The `model{}` block starts with a prior that pushes `phi_probability_of_hit` to .5 with the standard deviation being .25 which reflects that 67% of the time the estimated value will be in the interval [.25,.75] with mean .5. Batting 800 is .80 so outside one standard deviation and correspondlingly unlikely. This models my 10 year old kid prior that my hit streak could not last.
The next 5 lines are indivudual data points applied to a Bernoulli likelihood function with `1` representing success and `0` failure. There are much more elegant ways to get data to the likelihood but there is value in simplicity.
## Running my first Stan program
The code `kickball_bern.stan` contains data and the model, now we compile it and run it from R using RStan. The code is in `run.R` reflecting a convention in these units that interface langauges use `run.*` syntax to help avoid confusion between the modeling components and interface components. So python interface would be `run.py`. A single `run.R` program can call many `.stan` programs that are variations on modeling the same data. It also helps to keep one `run.*` program per directory, Bayesian workflow encourages model exploration and proliferation of models gets messy fast without organization.

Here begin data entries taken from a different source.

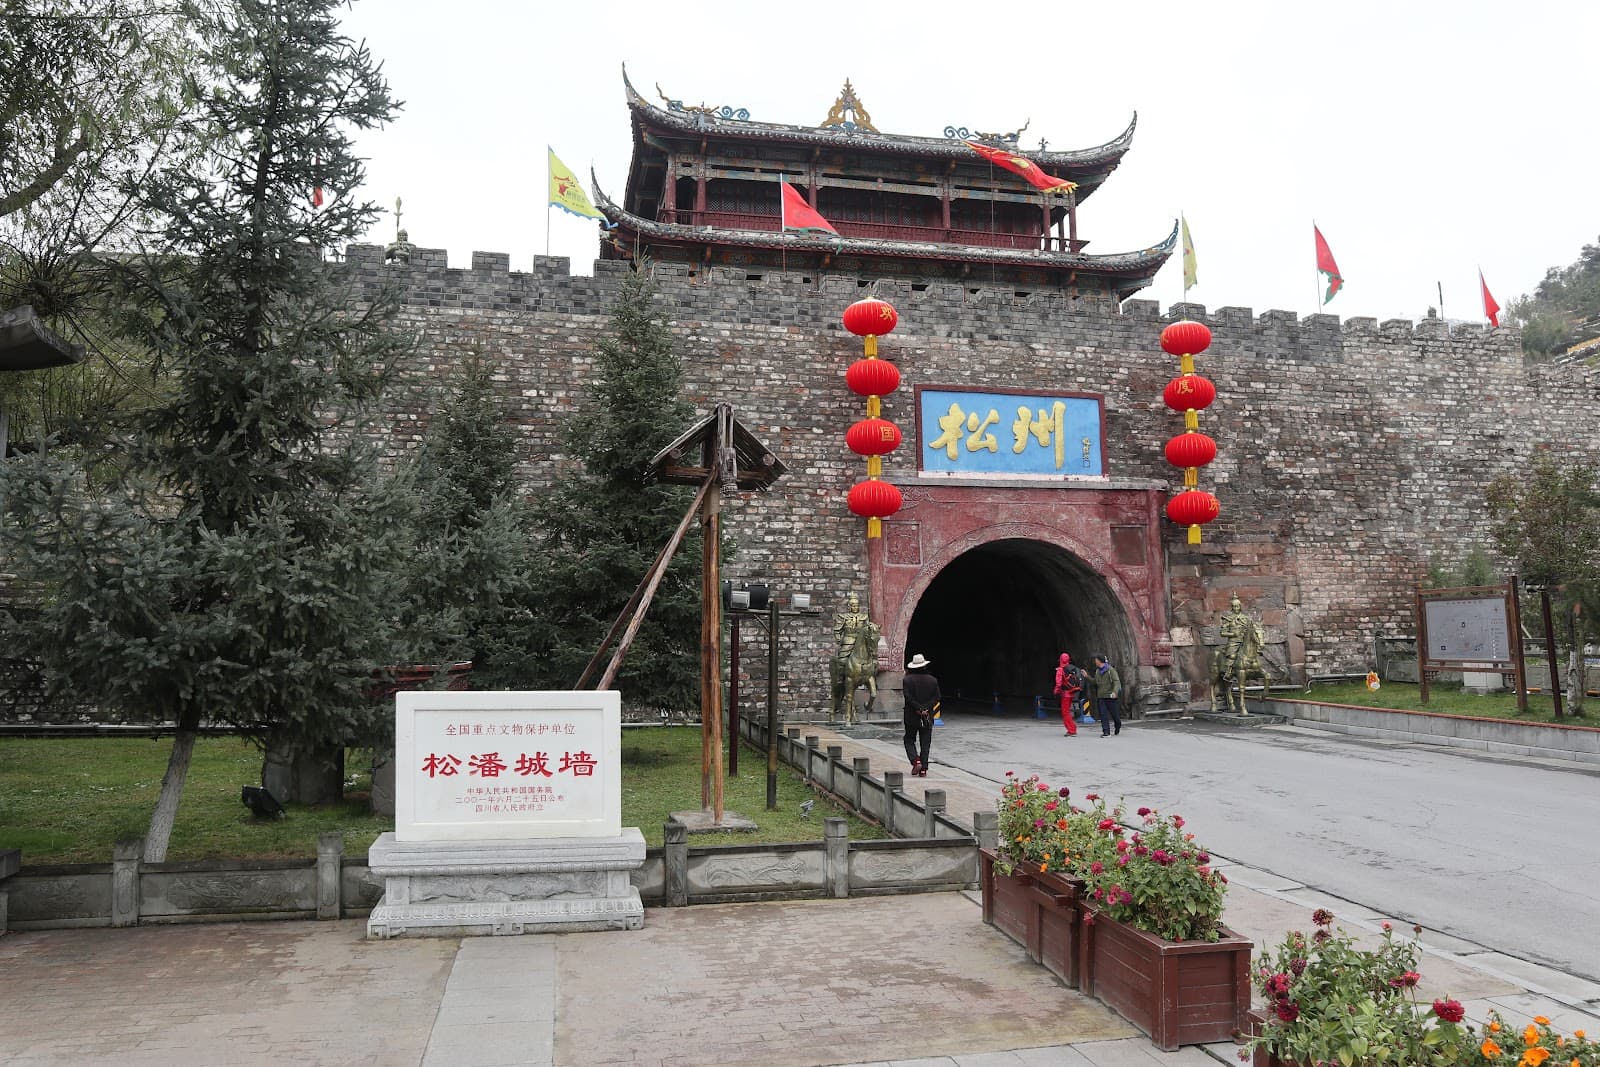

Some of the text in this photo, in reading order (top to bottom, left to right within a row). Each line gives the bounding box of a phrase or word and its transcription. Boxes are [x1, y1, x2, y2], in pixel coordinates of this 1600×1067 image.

[880, 426, 895, 441] 国
[928, 401, 1067, 470] 松州
[445, 723, 576, 737] 全国重点文物保护单位
[421, 751, 598, 778] 松潘城墙
[466, 786, 553, 796] 中华人民共和国国务院
[475, 803, 545, 813] 四川省人民政府立

```{r echo=FALSE, comment=NA}
print_file('run.R')
```
Run the program by clicking on the file `run.R` in the Files pane and then by clicking on Source.
![Click on run.R, then run by clicking on Source button](img/select_and_run.png)

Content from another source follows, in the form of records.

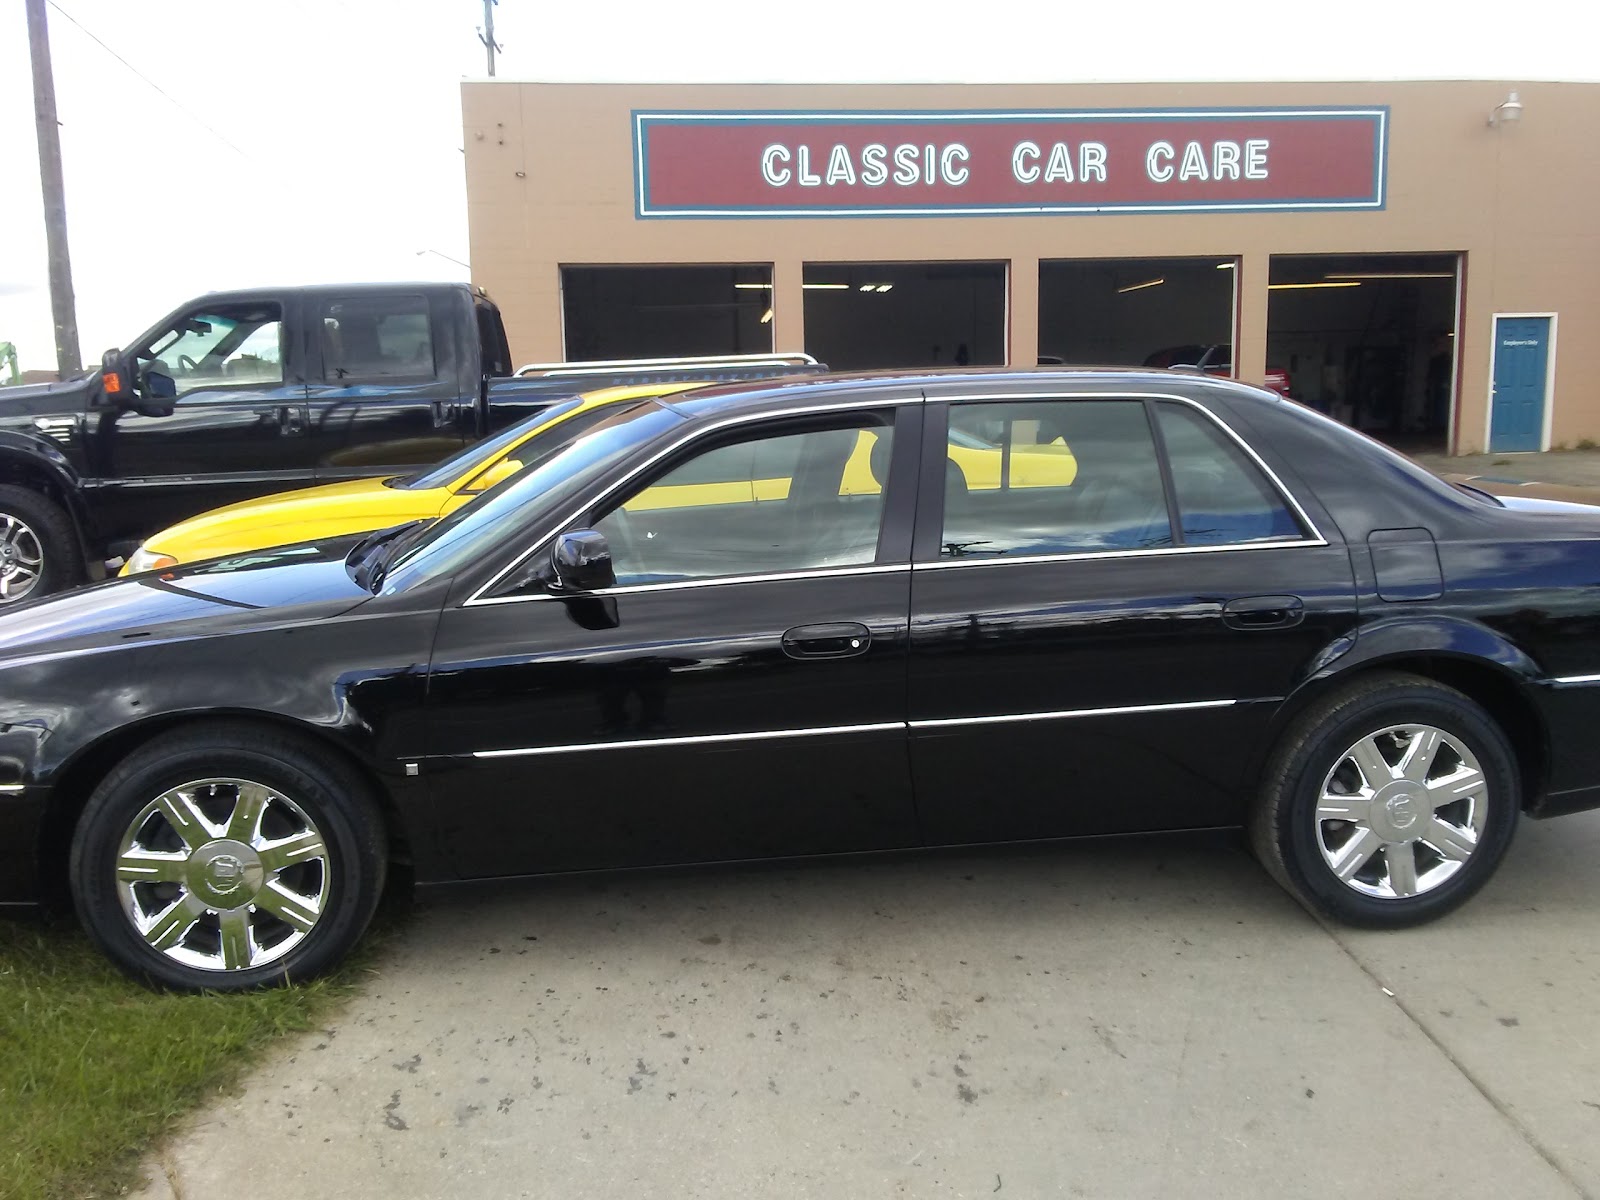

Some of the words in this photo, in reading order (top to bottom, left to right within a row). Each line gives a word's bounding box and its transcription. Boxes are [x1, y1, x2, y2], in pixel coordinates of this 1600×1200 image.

[760, 142, 972, 187] CLASSIC
[1011, 139, 1109, 184] CAR
[1144, 137, 1271, 183] CARE
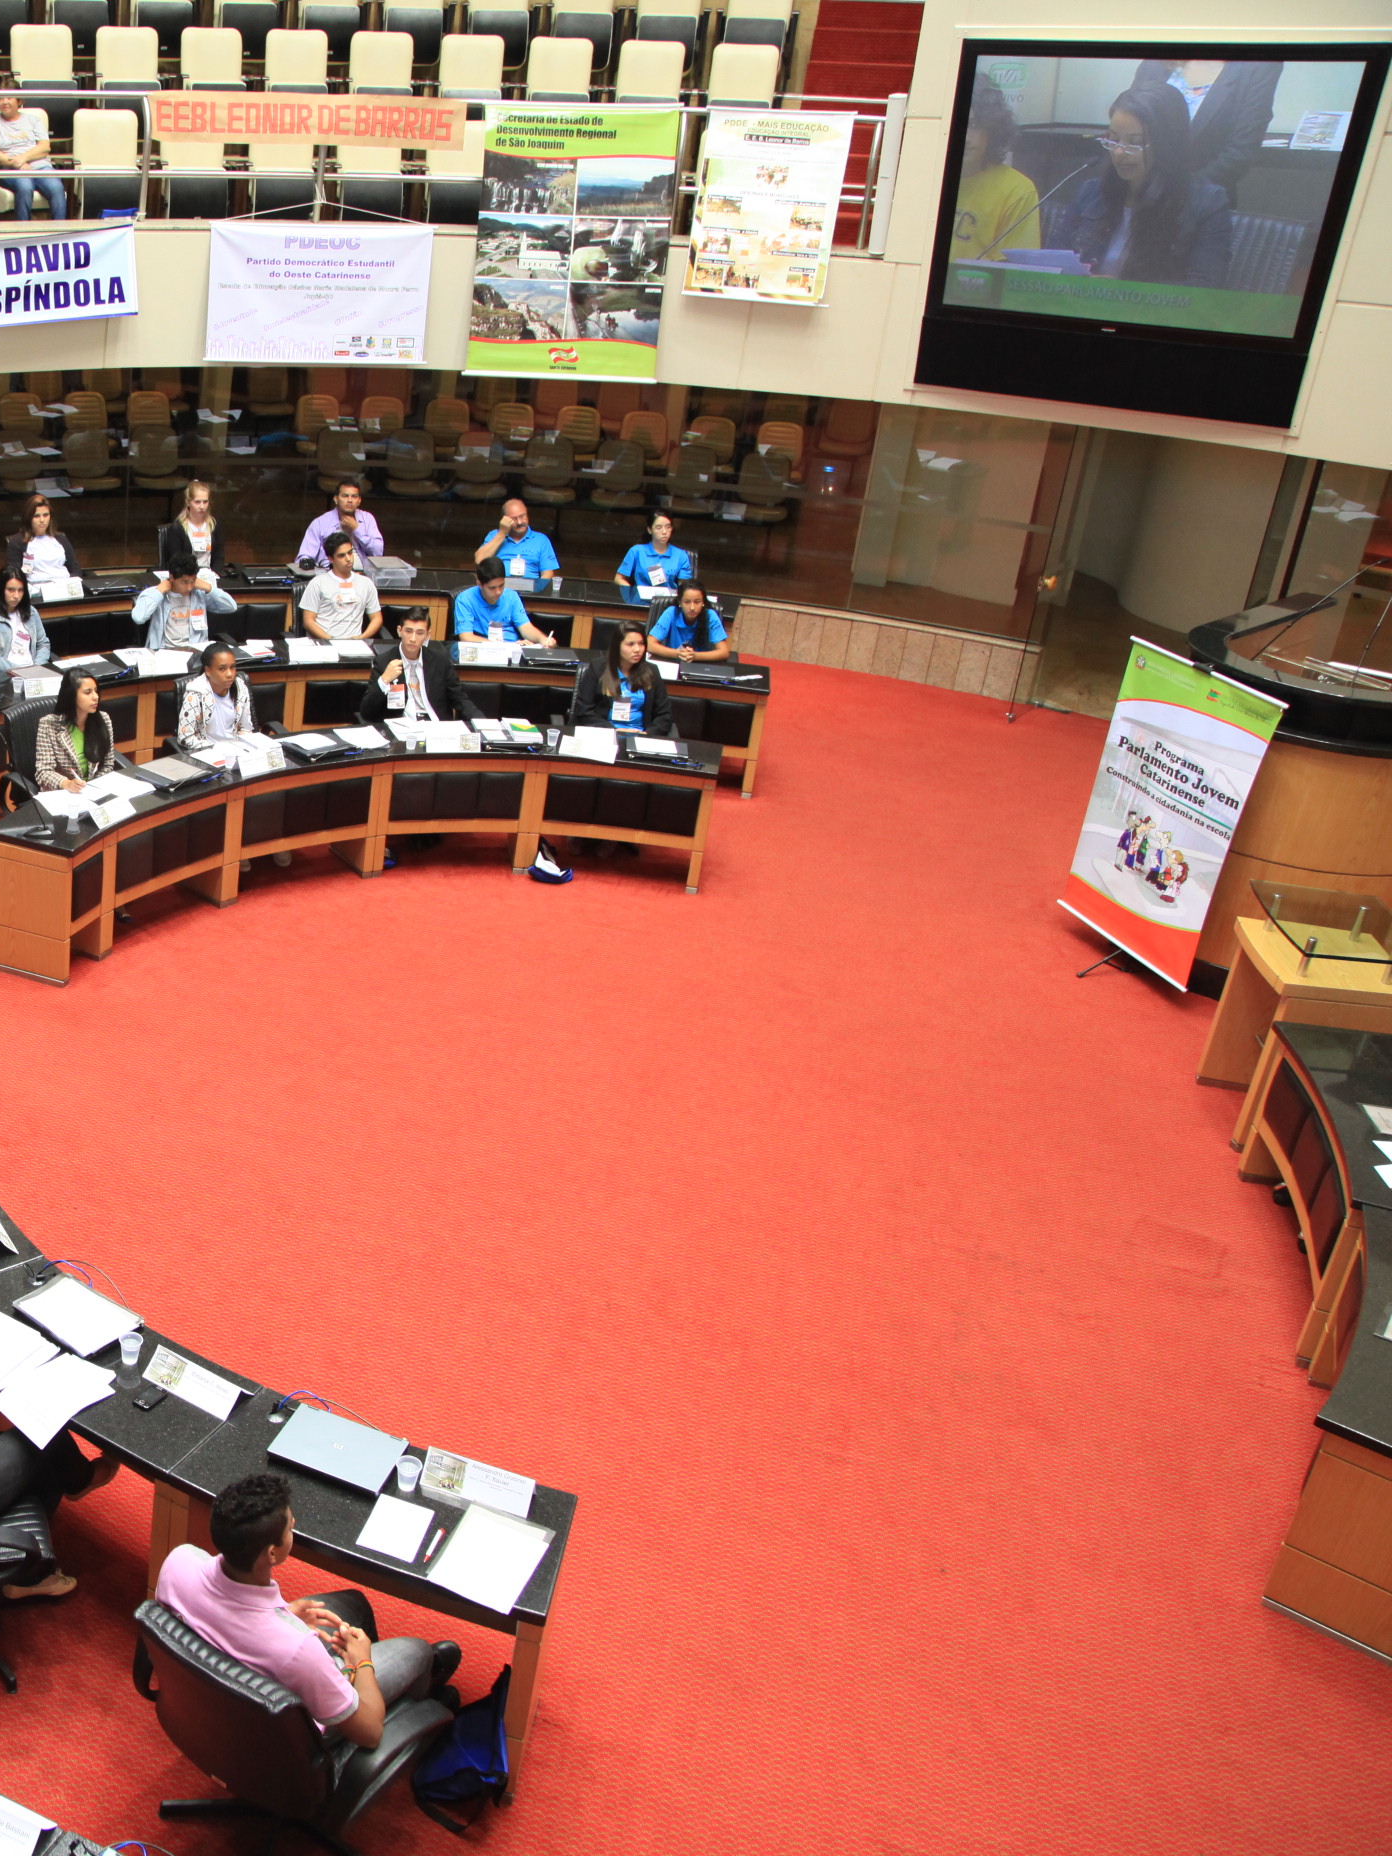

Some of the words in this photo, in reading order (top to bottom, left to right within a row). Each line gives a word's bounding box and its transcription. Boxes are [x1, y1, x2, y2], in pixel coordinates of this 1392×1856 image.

[354, 104, 454, 141] BARROS
[560, 116, 590, 125] Estado
[591, 117, 603, 126] de
[757, 121, 778, 129] MAIS
[780, 122, 830, 133] EDUCAÇÃO
[496, 125, 574, 137] Desenvolvimento
[576, 128, 616, 139] Regional
[495, 137, 507, 147] de
[508, 137, 526, 148] São
[527, 140, 565, 150] Joaquim
[3, 241, 91, 276] DAVID
[246, 257, 282, 266] Partido
[284, 258, 345, 267] Democrático
[347, 259, 395, 268] Estudantil
[269, 270, 281, 278] do
[284, 271, 312, 279] Oeste
[314, 271, 371, 280] Catarinense
[1055, 283, 1142, 303] PARLAMENTO
[1143, 291, 1190, 308] JOVEM
[1154, 740, 1205, 776] Programa
[1117, 735, 1189, 784] Parlamento
[1191, 777, 1240, 811] Jovem
[1139, 763, 1205, 808] Catarinense
[1106, 766, 1151, 796] Construindo
[1155, 796, 1193, 821] cidadania
[1194, 818, 1205, 827] na
[1205, 822, 1231, 841] escola
[5, 1822, 30, 1839] Bastiani

The result of this will be a few screens of iteration output and finally a summary of the estimate for `phi_probability_of_hit`.
```{r echo=FALSE, comment=NA}
source("run.R")
```
You should see similar output when sourcing your copy of `run.R`.
Since this unit is about the mechanics of running Stan programs I'll keep the description short.
1. By default RStan runs 4 chains that are completely independent of each other with random starting points.
2. Each chain by default runs HMC with NUTS as the inference algorithm which in turn has a default of 1,000 warmup iterations to help define the parameter space and 1,000 samples are drawn from the posterior distribution defined by the prior balanced with the likelihood.
3. You can see the impact of this averaging by noting that the likelihood + data supports a .80 percent chance of a hit, the prior however expects a .50 chance resulting in a comprimise of .66 for phi_probability_of_hit.
## Working with data
The explicit coding of data on multiple lines was crude but hopefully clear. Much cleaner ways exist for data to interact with the likelihood, e.g, specifying the data as a vector:
```{r echo=FALSE, comment=NA}
print_file('kickball_bern_2.stan')
```
## Confirming quality of fit
## Prediction with Stan
## Excercises
1. Modify `kickball_bern.stan`, rename please, and run without a prior. Run without a likelihood. Note the results.
2. Take `kickball_bern.stan` and hack the prior and/or likelihood to achieve batting averages of 250, 500, 900 and so on. Batting average is 1000*`phi_probability_of_hit`.